§ **What you are asked to do**: Repeat, exactly and in full, the lines of the listing below, but without any pictures.
___ Stored data ___
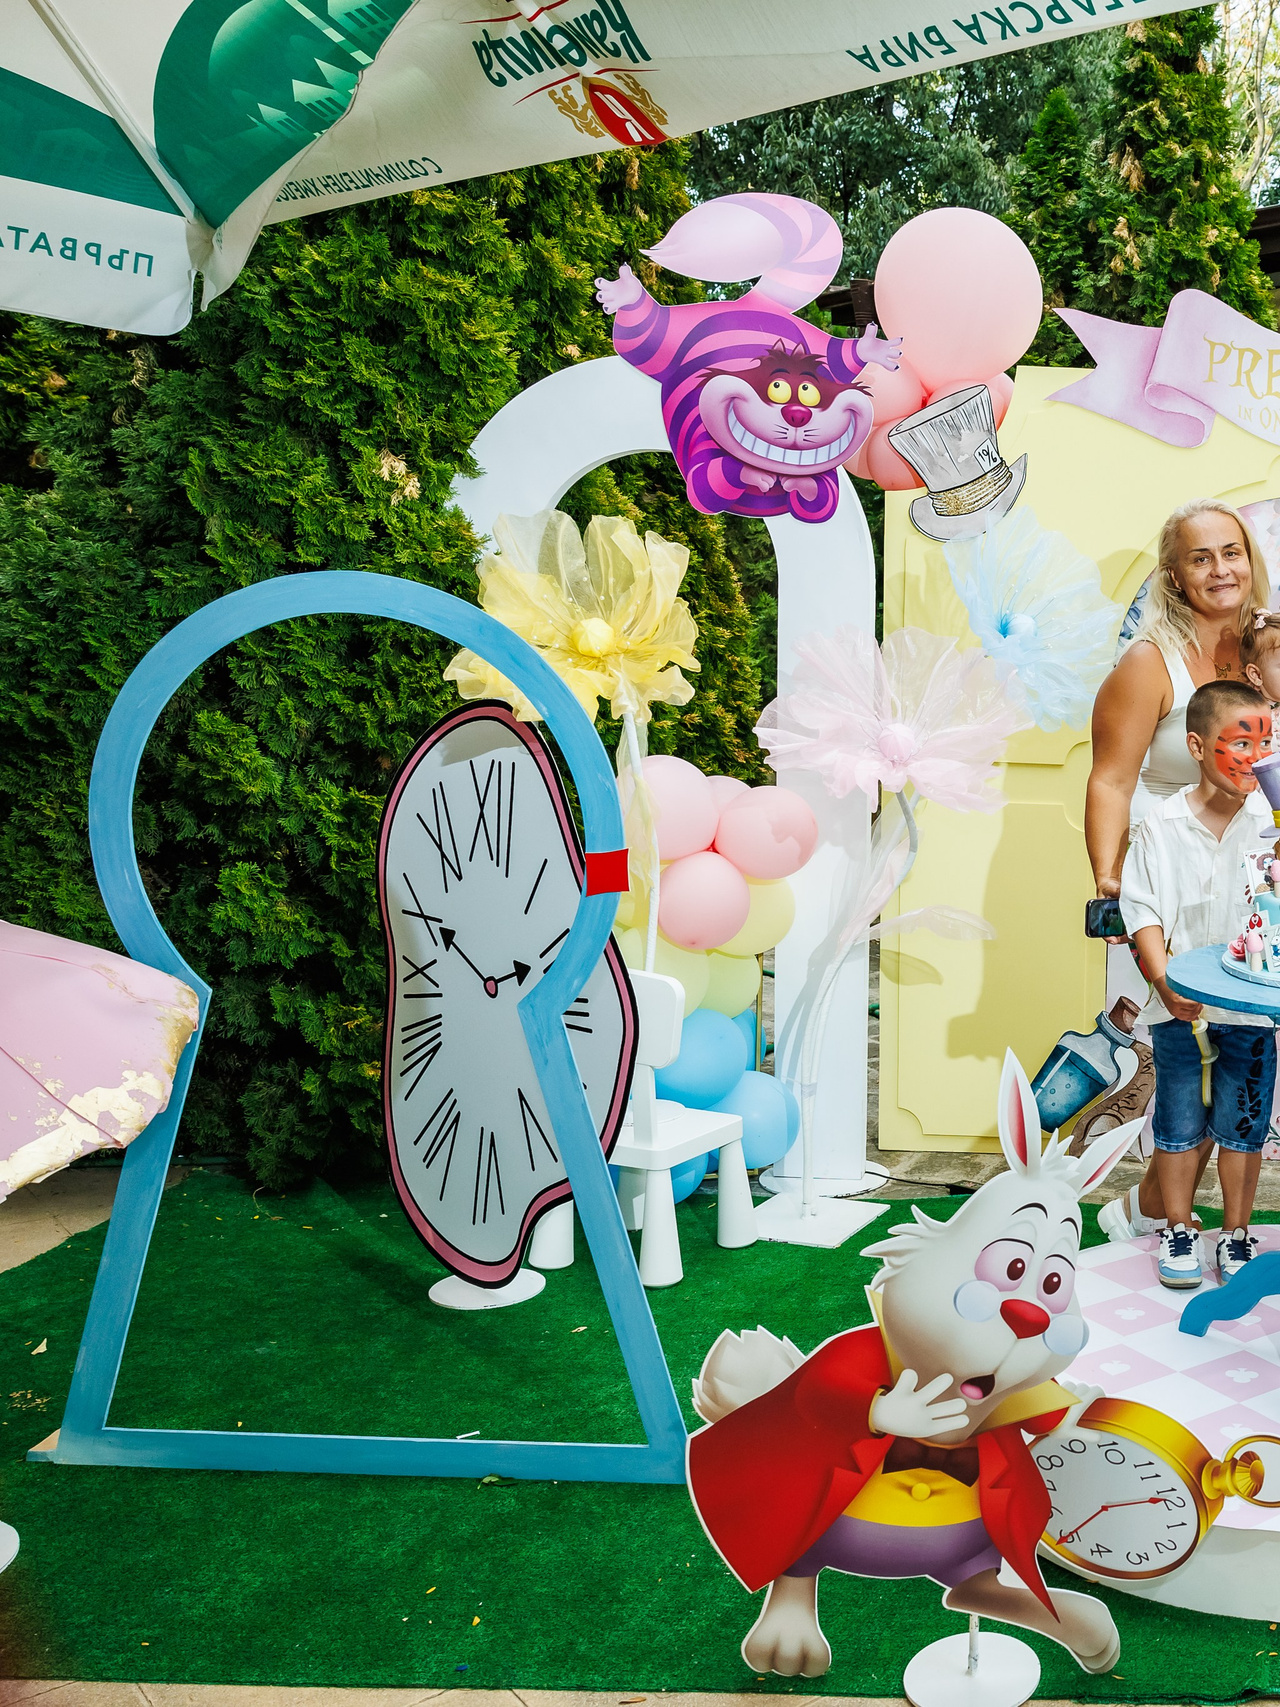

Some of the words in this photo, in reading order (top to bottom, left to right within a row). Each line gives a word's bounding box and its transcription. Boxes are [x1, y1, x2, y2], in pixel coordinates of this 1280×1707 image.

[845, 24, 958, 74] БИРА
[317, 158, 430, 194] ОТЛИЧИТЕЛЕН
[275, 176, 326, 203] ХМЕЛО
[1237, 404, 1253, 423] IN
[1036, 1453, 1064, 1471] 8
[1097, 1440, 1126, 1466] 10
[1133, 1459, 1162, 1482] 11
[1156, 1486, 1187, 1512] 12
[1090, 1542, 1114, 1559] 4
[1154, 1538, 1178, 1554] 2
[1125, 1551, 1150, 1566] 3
___
§ **Task response**:
Some of the words in this photo, in reading order (top to bottom, left to right within a row). Each line gives a word's bounding box and its transcription. Boxes are [x1, y1, x2, y2], in pixel coordinates of this 1280×1707 image.

[845, 24, 958, 74] БИРА
[317, 158, 430, 194] ОТЛИЧИТЕЛЕН
[275, 176, 326, 203] ХМЕЛО
[1237, 404, 1253, 423] IN
[1036, 1453, 1064, 1471] 8
[1097, 1440, 1126, 1466] 10
[1133, 1459, 1162, 1482] 11
[1156, 1486, 1187, 1512] 12
[1090, 1542, 1114, 1559] 4
[1154, 1538, 1178, 1554] 2
[1125, 1551, 1150, 1566] 3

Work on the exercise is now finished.